Problem to work on →
Would you retype the listing word for word, skipping its pictures?
::::::::
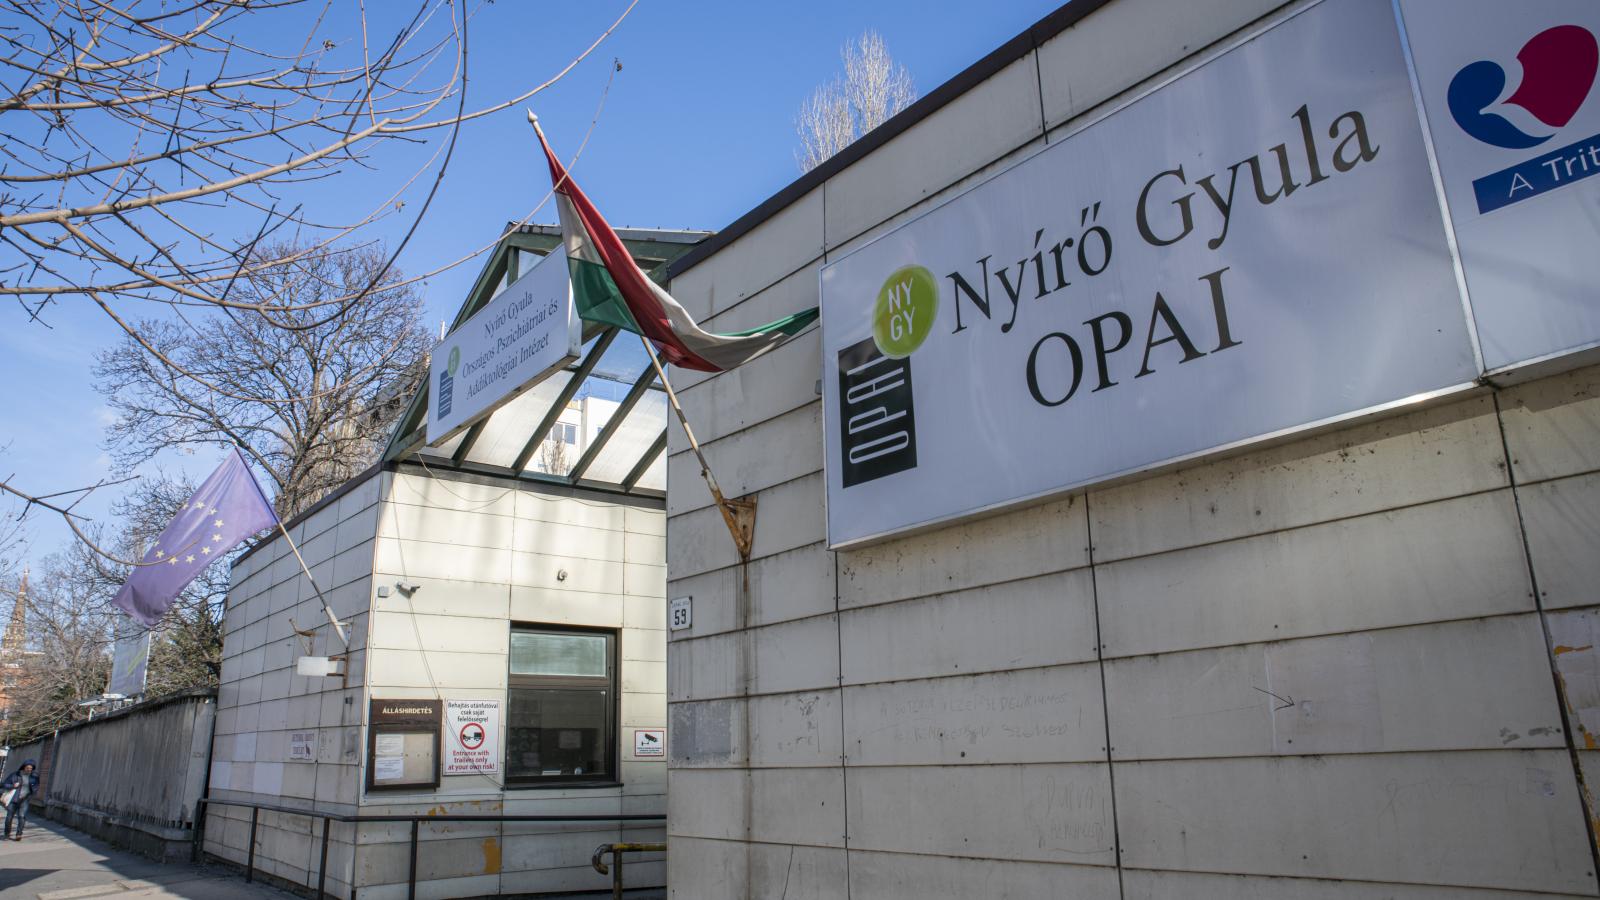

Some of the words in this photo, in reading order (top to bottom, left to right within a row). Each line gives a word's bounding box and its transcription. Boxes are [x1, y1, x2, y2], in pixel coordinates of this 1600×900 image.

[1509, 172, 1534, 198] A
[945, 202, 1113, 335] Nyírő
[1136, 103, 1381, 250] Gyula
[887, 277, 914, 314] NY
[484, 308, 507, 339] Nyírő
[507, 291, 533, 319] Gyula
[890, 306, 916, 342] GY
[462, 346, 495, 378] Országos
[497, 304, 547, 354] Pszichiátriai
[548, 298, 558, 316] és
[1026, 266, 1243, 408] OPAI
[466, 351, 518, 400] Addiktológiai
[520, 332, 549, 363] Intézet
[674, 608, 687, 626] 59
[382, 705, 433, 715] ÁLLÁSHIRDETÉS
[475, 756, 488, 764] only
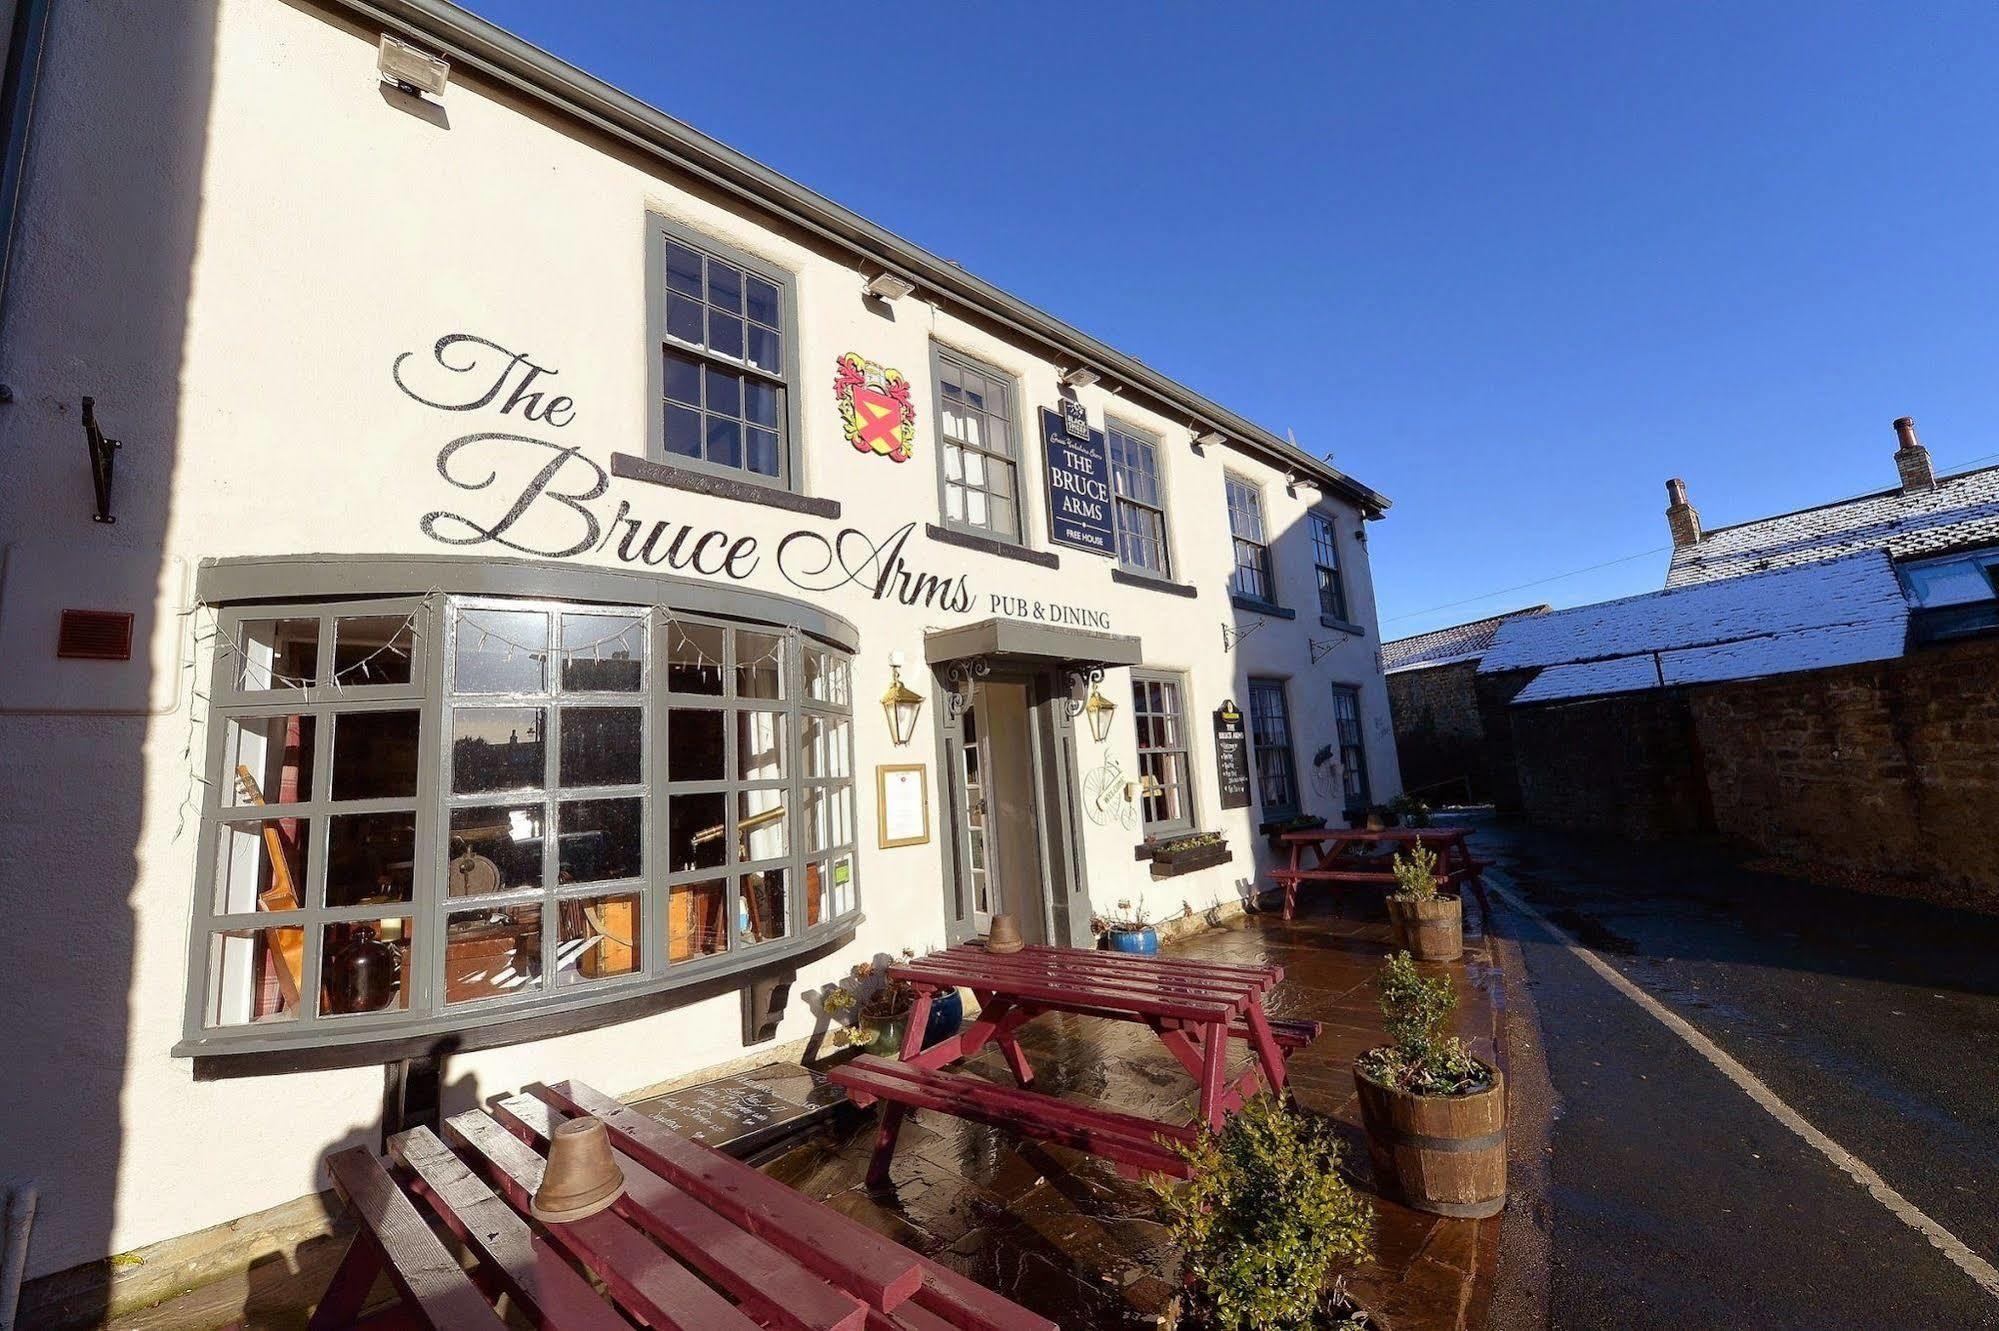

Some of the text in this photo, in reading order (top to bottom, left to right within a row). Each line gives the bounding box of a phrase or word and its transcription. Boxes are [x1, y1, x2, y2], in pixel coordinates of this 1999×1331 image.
::::::::
Your response →
Some of the words in this photo, in reading order (top to bottom, left to right within a row). Each line gives a word's bounding box and its transcription. Boxes are [x1, y1, x2, y2], in pixel coordinates of this 1600×900 image.

[1509, 172, 1534, 198] A
[945, 202, 1113, 335] Nyírő
[1136, 103, 1381, 250] Gyula
[887, 277, 914, 314] NY
[484, 308, 507, 339] Nyírő
[507, 291, 533, 319] Gyula
[890, 306, 916, 342] GY
[462, 346, 495, 378] Országos
[497, 304, 547, 354] Pszichiátriai
[548, 298, 558, 316] és
[1026, 266, 1243, 408] OPAI
[466, 351, 518, 400] Addiktológiai
[520, 332, 549, 363] Intézet
[674, 608, 687, 626] 59
[382, 705, 433, 715] ÁLLÁSHIRDETÉS
[475, 756, 488, 764] only

Some of the text in this photo, in reading order (top to bottom, left to right within a row). Each line gives the bounding box of a phrase or word and its transcription. Boxes are [x1, y1, x2, y2], in pixel coordinates of this 1999×1331 image.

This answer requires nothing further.